● **What the exercise asks**:
With the images removed, reproduce each entry below word for word.

● **Stored items**:
_____

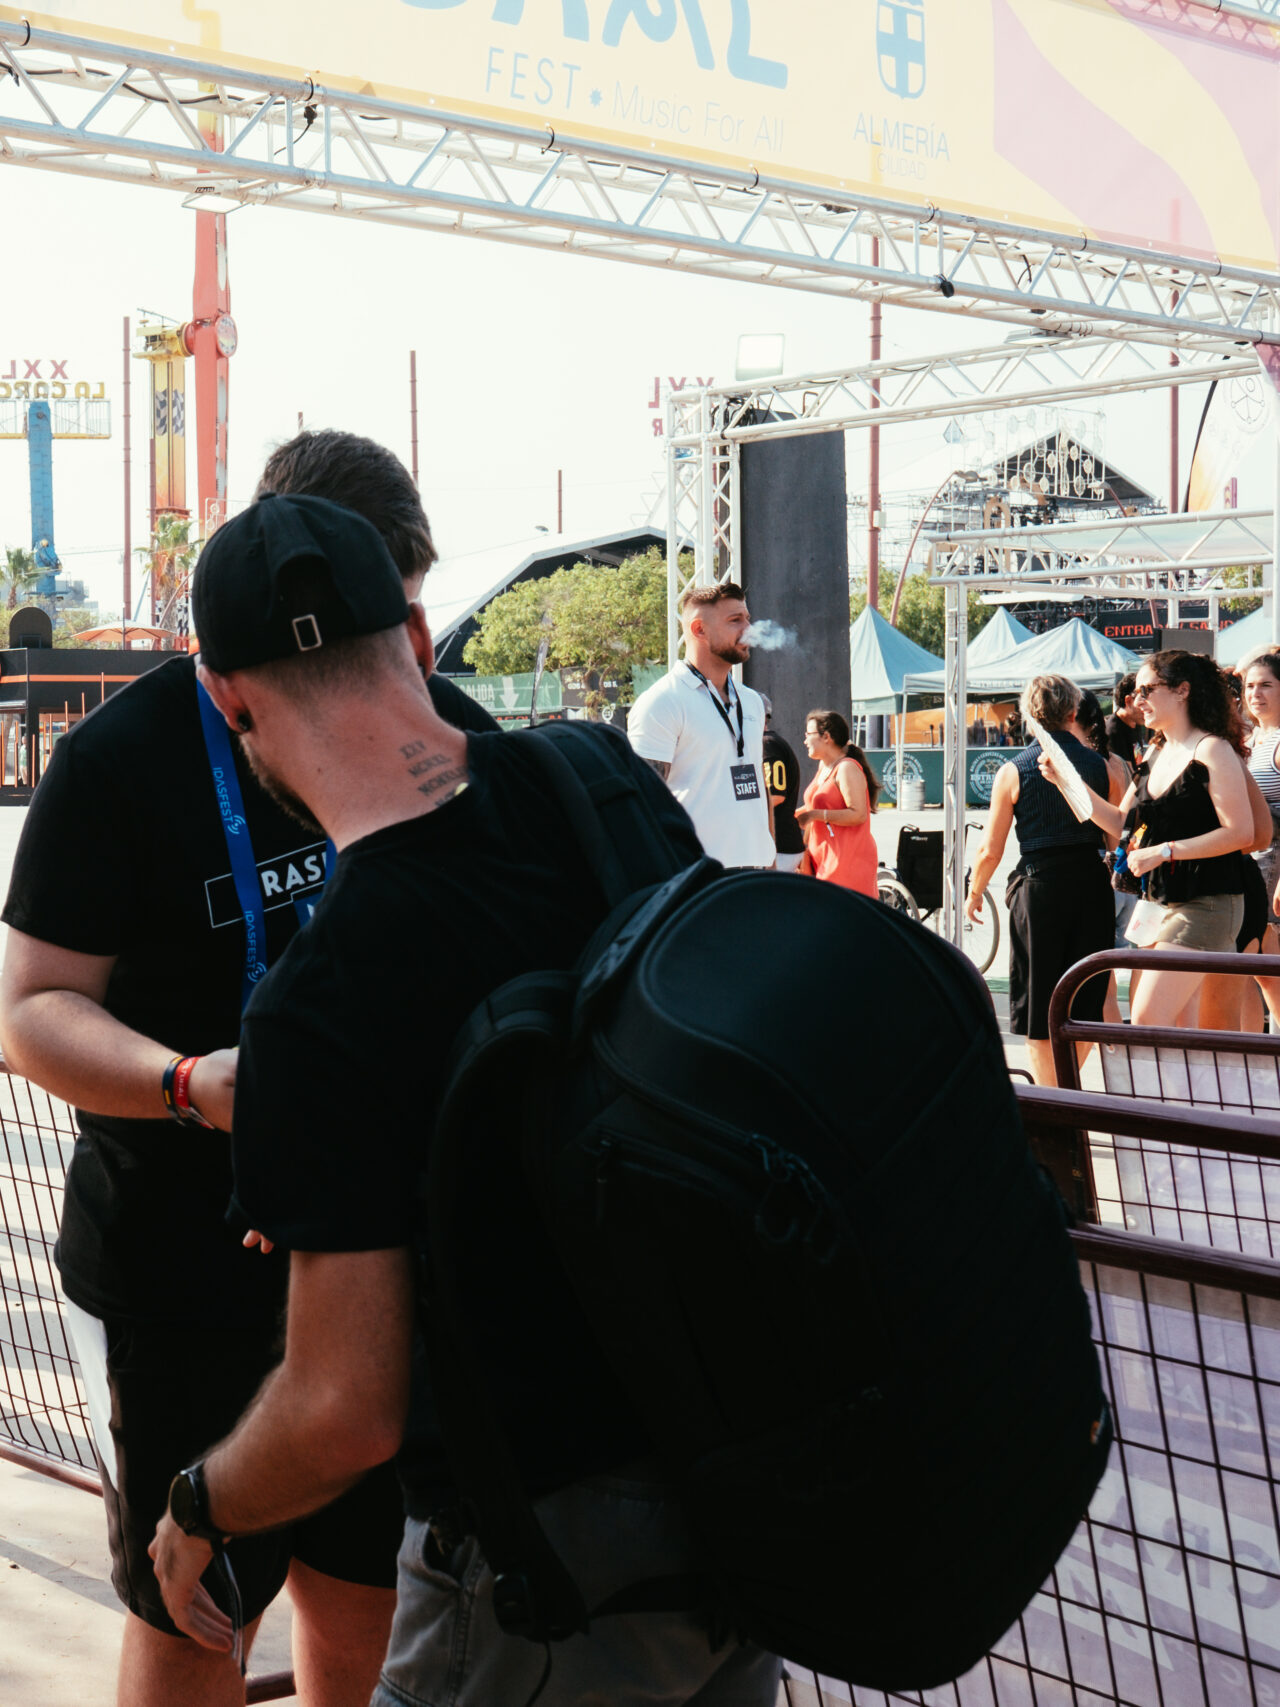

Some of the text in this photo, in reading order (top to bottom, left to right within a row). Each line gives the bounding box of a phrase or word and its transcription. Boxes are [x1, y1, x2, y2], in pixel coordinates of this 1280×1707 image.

[485, 46, 785, 153] FEST Music For All
[853, 111, 951, 162] ALMERÍA
[876, 152, 927, 181] CIUDAD
[1104, 621, 1170, 638] ENTRA
[212, 767, 233, 823] IDASFEST
[736, 782, 757, 795] STAFF
[261, 851, 327, 897] RAS
[245, 910, 257, 969] IDASFEST
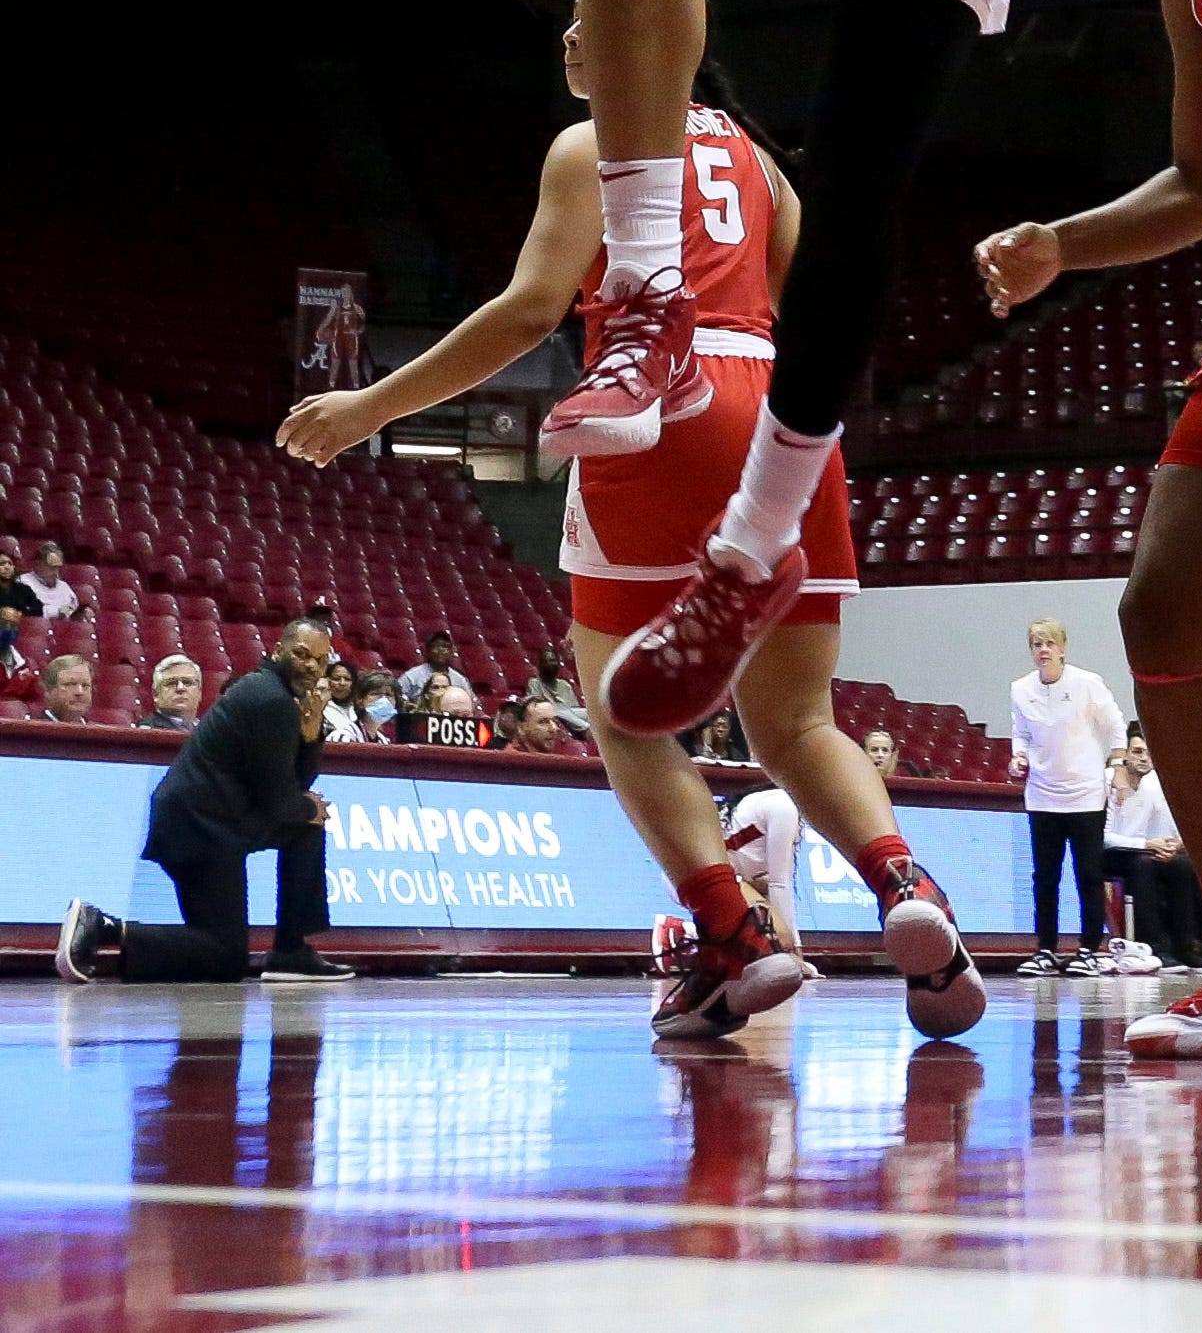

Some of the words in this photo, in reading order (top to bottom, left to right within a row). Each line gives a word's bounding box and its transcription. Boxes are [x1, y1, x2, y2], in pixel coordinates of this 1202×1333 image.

[691, 141, 748, 246] 5
[427, 716, 479, 747] POSS.
[366, 868, 461, 906] YOUR
[465, 871, 576, 908] HEALTH
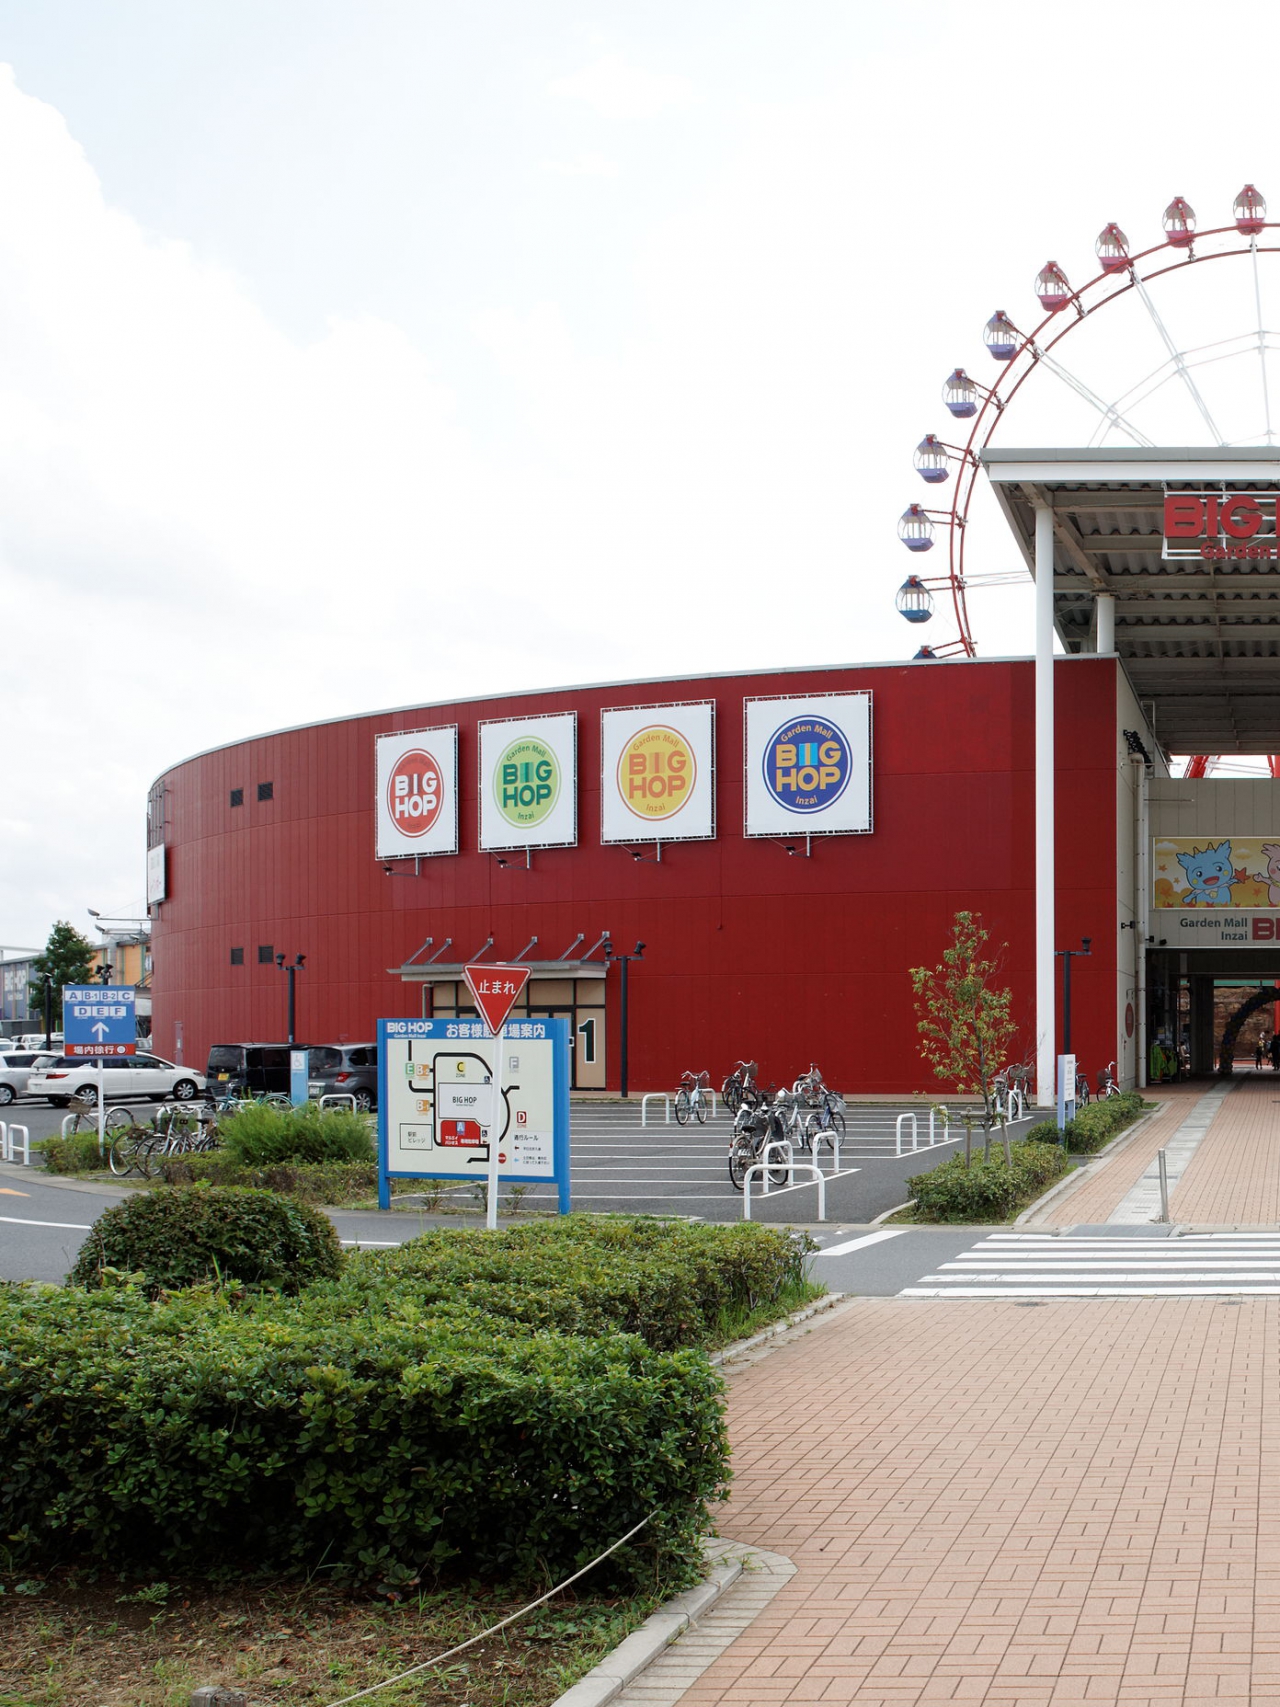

_____

● **Solution to this task**:
Some of the text in this photo, in reading order (top to bottom, left to right within a row). Each line gives the bounding box of a phrase or word and its transcription. Boxes are [x1, y1, x2, y2], in pixel coordinates of this 1280×1707 image.

[485, 46, 785, 153] FEST Music For All
[853, 111, 951, 162] ALMERÍA
[876, 152, 927, 181] CIUDAD
[1104, 621, 1170, 638] ENTRA
[212, 767, 233, 823] IDASFEST
[736, 782, 757, 795] STAFF
[261, 851, 327, 897] RAS
[245, 910, 257, 969] IDASFEST

Some of the words in this photo, in reading order (top to bottom, left to right within a row). Each line gives a word's bounding box and its transcription. Boxes are [x1, y1, x2, y2], in pixel coordinates of this 1202×1333 image.

[691, 141, 748, 246] 5
[427, 716, 479, 747] POSS.
[366, 868, 461, 906] YOUR
[465, 871, 576, 908] HEALTH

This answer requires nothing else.